The Portland Investment Initiative was founded with the belief that the Portland neighborhood of Louisville, KY has assets that are worth investing in – from businesses, to buildings, to people. Their goal is to facilitate bridge building over the financial gaps that hinder existing and future progress in the community. People are investing in Portland; residents are engaged and want to see change. The four-part plan includes revitalization of the East Portland Warehouse District including adding cultural, residential, and dining destinations; supporting the long-standing, locally-owned businesses that define the Portland Stroll District; preserving the historic and upiquitous Louisville housing form known as the ‘shotgun house’ prevalent in the Artist Row section of Portland; and, finally, developing 21st Century Shotguns by partnering with locally and nationally-renowned architects to develop ultra-modern shotgun houses on vacant lots.

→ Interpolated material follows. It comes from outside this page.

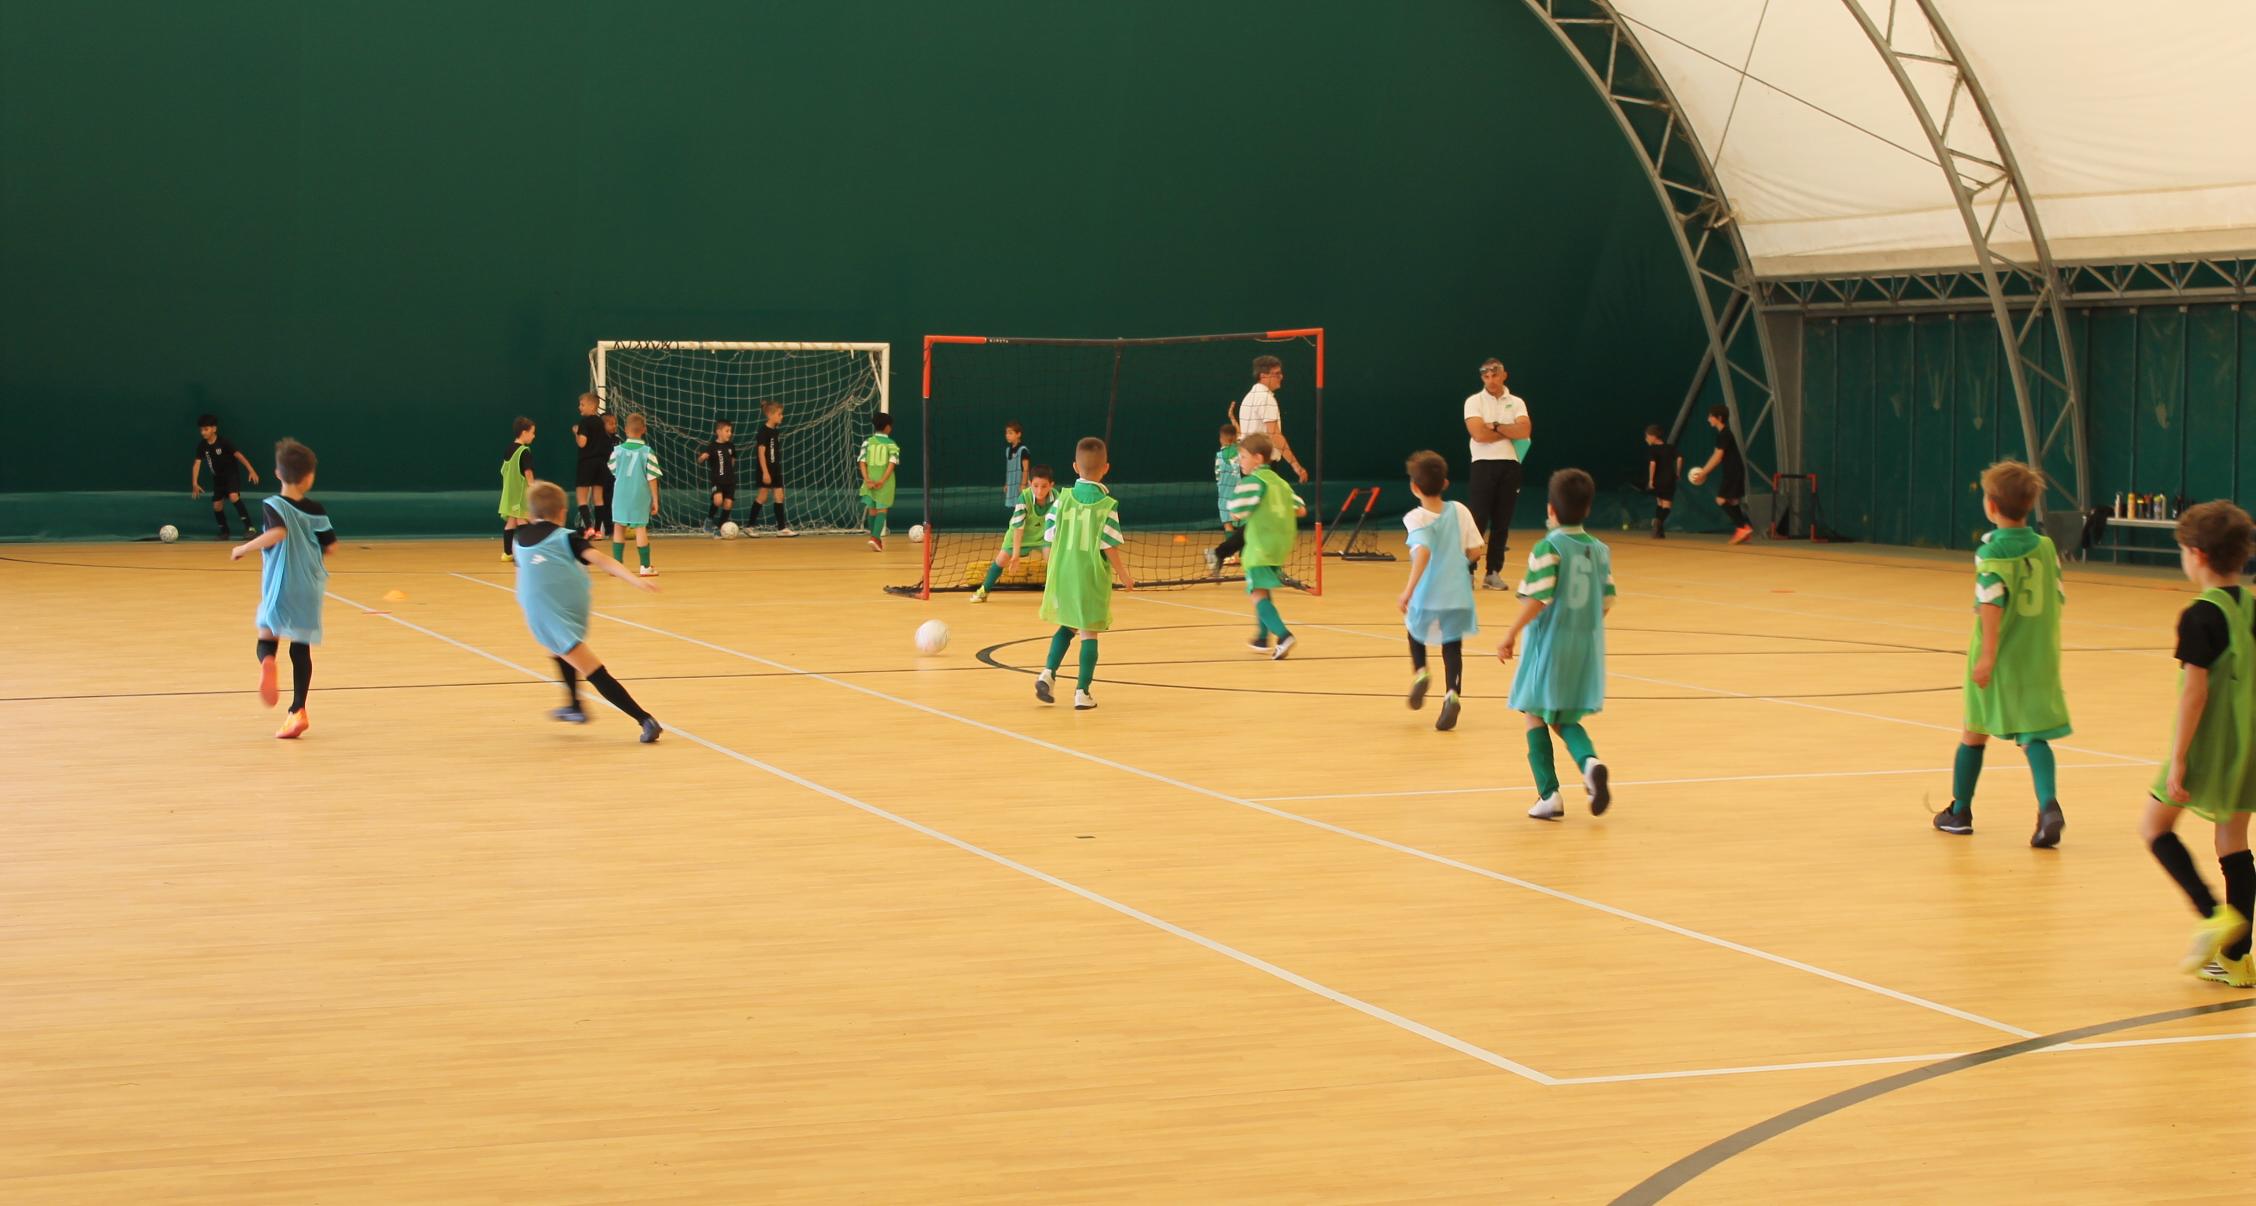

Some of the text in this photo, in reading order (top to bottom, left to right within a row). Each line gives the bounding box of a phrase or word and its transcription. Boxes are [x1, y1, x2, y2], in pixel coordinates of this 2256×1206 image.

The Young Professionals Association of Louisville (YPAL) provides leadership development, educational opportunities and philanthropic support to Louisville’s Young Professionals for the benefit of the local community. The mission of YPAL is to connect, engage and develop metro Louisville’s young professionals through community, professional and social opportunities.
Jefferson County Public Schools is a leading urban school district that provides high-quality education for more than 100,000 students (about 1 of every 7 students in Kentucky) making it the 29th largest school system in the United States. JCPS offers 66 magnet schools and programs with a total of 169 schools and 6,738 teachers. JCPS students are a diverse population, speaking 125 different languages or dialects. The Academies of Louisville prepare, inspire, and empower students by offering meaningful and relevant learning experiences that directly relate to our world today. By connecting high schools to business and community partners, the Academy model aligns education and workforce development needs to better prepare students for postsecondary and career success. Beyond graduating ready to compete in an ever-changing 21st-century economy, Academy students develop the essential skills they need to succeed throughout college, careers, and life. The Academy model is based on the framework of Ford Next Generation Learning (NGL), which enables communities to create and execute a sustainable, long-term plan for evolving education.
55,000 Degrees finds its roots in the 2003 report issued by the Brookings Institution, though not officially launched until 2010. Its goal is helping 55,000 Louisvillians attain a postsecondary degree by the year 2020 – meaning 50 percent of metro residents would have an associate or bachelor’s degree. The project involves parents, stunts, educators, businesses, and other community partners to promote the value of higher education, and offers tools and support services to help individuals enter college and complete their degrees. In December, the organization issued a progress report that showed there were some 22,000 new degree-holders since the initiative began.